B. Bordel, R. Alcarria and D. Sánchez-de-Rivera—On leave from Universidad Politécnica de Madrid, Madrid, España

1 Introduction

Cyber-Physical Systems (CPS) are integrations of physical and computational processes [1]. This general definition, however, does not allow describing a uniform architecture or implementation, so several proposals may be found [2, 3]. In this context, various authors and standard organizations are trying to fix the CPS paradigm defining different reference architectures. One of the most important it is the NIST architecture [4]. On the other hand, all these proposals follow a top-down approach. In these systems, firstly, user applications and services are defined at high-level and, later, they are transformed, decomposed and delegated in order to request hardware devices to perform the corresponding actions [5].

Most steps in this execution process have been discussed previously in many articles.
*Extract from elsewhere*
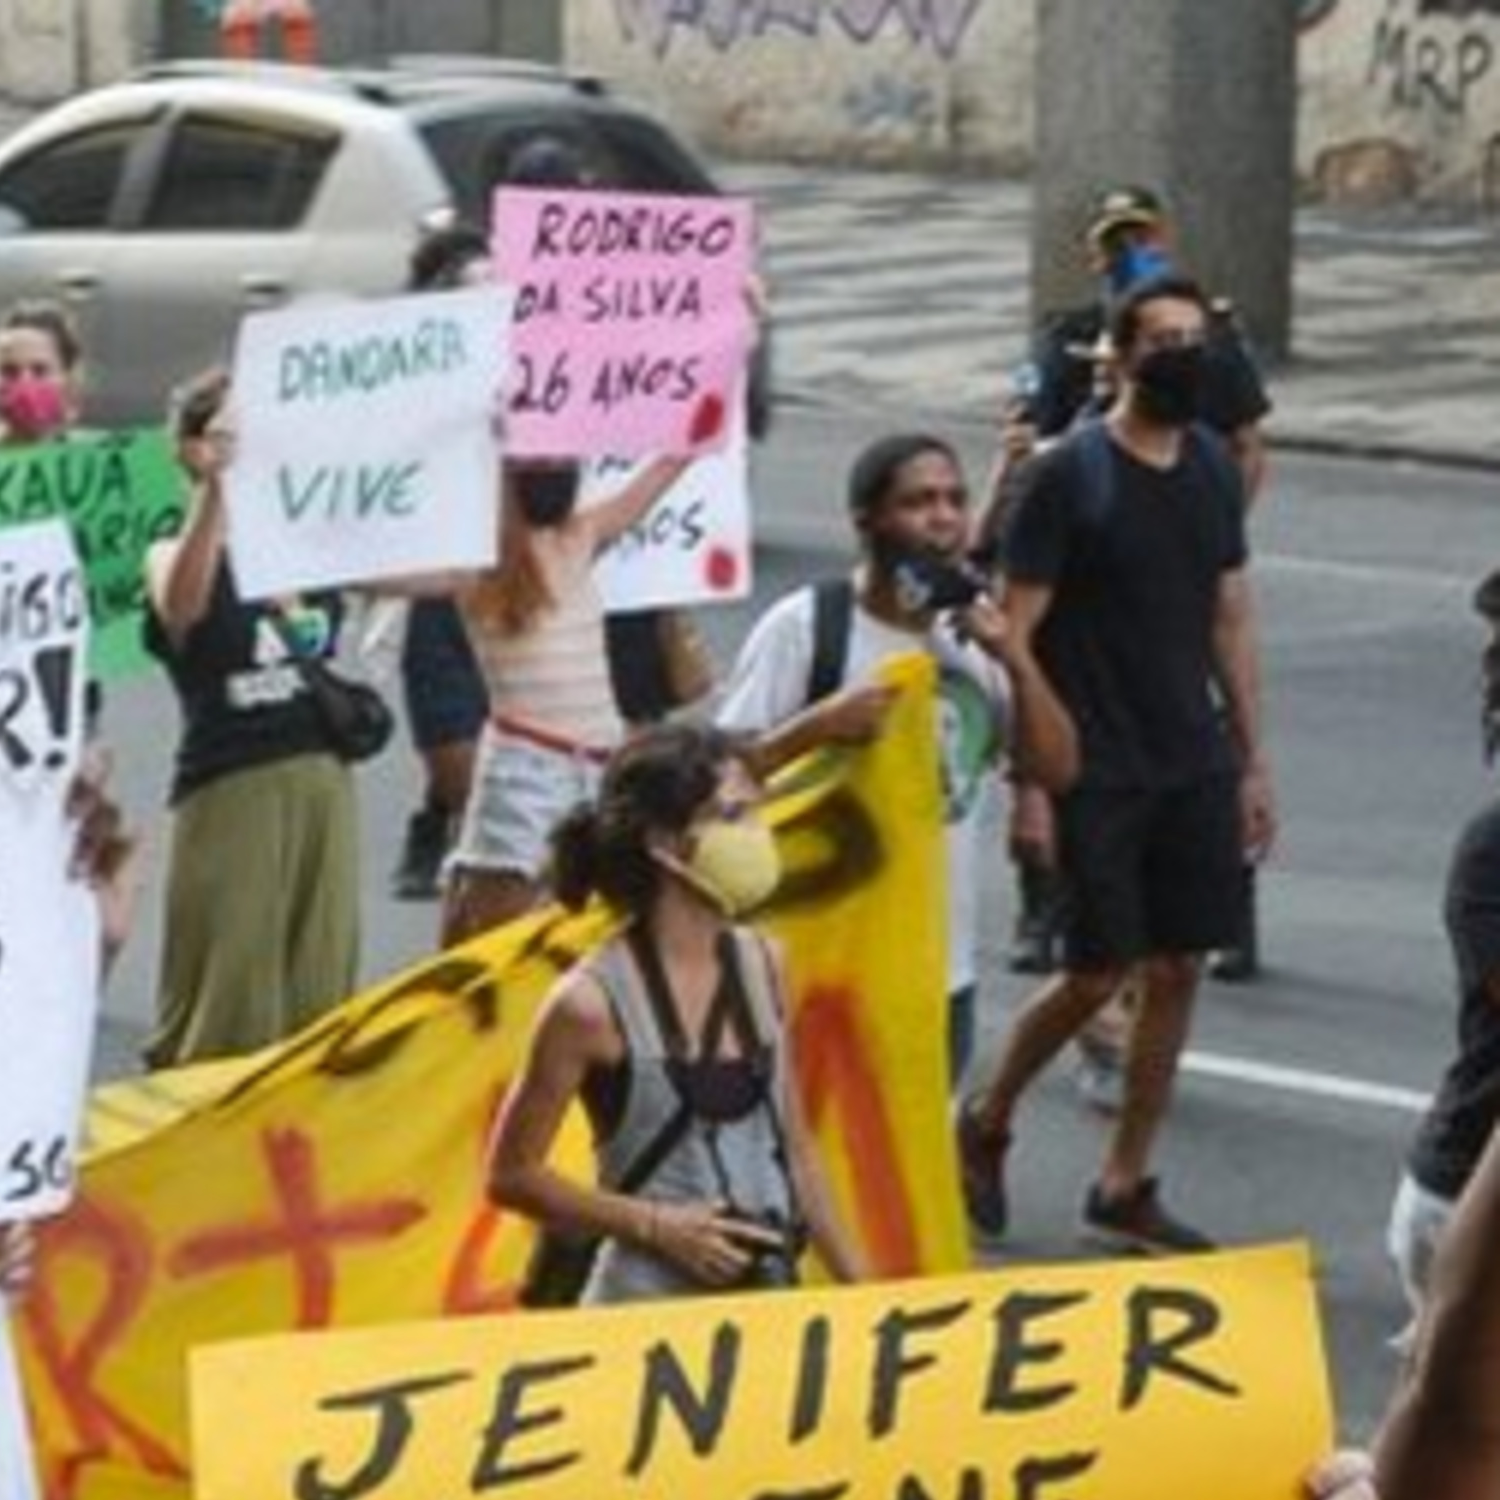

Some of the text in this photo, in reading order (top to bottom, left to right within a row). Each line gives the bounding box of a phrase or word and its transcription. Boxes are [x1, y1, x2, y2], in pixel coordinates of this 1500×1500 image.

Several contributions about task delegation [6], workflow decomposition [7] or service matchmaking [8] may be found. However, all these proposals are, at the end, based on a virtualized hardware platform which is implemented, traditionally, in a gateway or controller [5]. This component receives service invocations through a uniform interface and resolves the execution using the virtual hardware. This solution, nevertheless, does not meet the requirements of a real scenario, where real hardware devices with very heterogeneous and (most time) proprietary interfaces are included. Moreover, current systems tend to be ubiquitous, so hardware platforms present many redundancies (devices with the same functions). In this context, a solution to manage the service execution at low-level it is needed. The proposed solution should be able to collect information about hardware devices and, using it, decide the particular element which must execute each action (sending the corresponding order to it, using the adequate message and/or interface).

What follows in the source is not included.